▶ **Task prompt**:
Every record here needs to be duplicated exactly.

--

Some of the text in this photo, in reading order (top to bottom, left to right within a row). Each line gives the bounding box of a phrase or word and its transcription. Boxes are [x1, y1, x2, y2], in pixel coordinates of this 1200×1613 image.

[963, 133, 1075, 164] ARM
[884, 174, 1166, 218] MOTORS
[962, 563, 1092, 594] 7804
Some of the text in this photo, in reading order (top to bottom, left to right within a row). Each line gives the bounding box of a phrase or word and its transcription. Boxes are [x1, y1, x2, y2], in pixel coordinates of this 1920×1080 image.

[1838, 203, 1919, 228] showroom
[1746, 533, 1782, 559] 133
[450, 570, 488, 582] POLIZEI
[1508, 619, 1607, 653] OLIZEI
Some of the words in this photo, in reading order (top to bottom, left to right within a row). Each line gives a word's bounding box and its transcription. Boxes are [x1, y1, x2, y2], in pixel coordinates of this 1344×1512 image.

--

▶ **Response for this exercise**:
Some of the text in this photo, in reading order (top to bottom, left to right within a row). Each line gives the bounding box of a phrase or word and its transcription. Boxes are [x1, y1, x2, y2], in pixel coordinates of this 1200×1613 image.

[963, 133, 1075, 164] ARM
[884, 174, 1166, 218] MOTORS
[962, 563, 1092, 594] 7804
Some of the text in this photo, in reading order (top to bottom, left to right within a row). Each line gives the bounding box of a phrase or word and its transcription. Boxes are [x1, y1, x2, y2], in pixel coordinates of this 1920×1080 image.

[1838, 203, 1919, 228] showroom
[1746, 533, 1782, 559] 133
[450, 570, 488, 582] POLIZEI
[1508, 619, 1607, 653] OLIZEI
Some of the words in this photo, in reading order (top to bottom, left to right within a row). Each line gives a word's bounding box and its transcription. Boxes are [x1, y1, x2, y2], in pixel coordinates of this 1344×1512 image.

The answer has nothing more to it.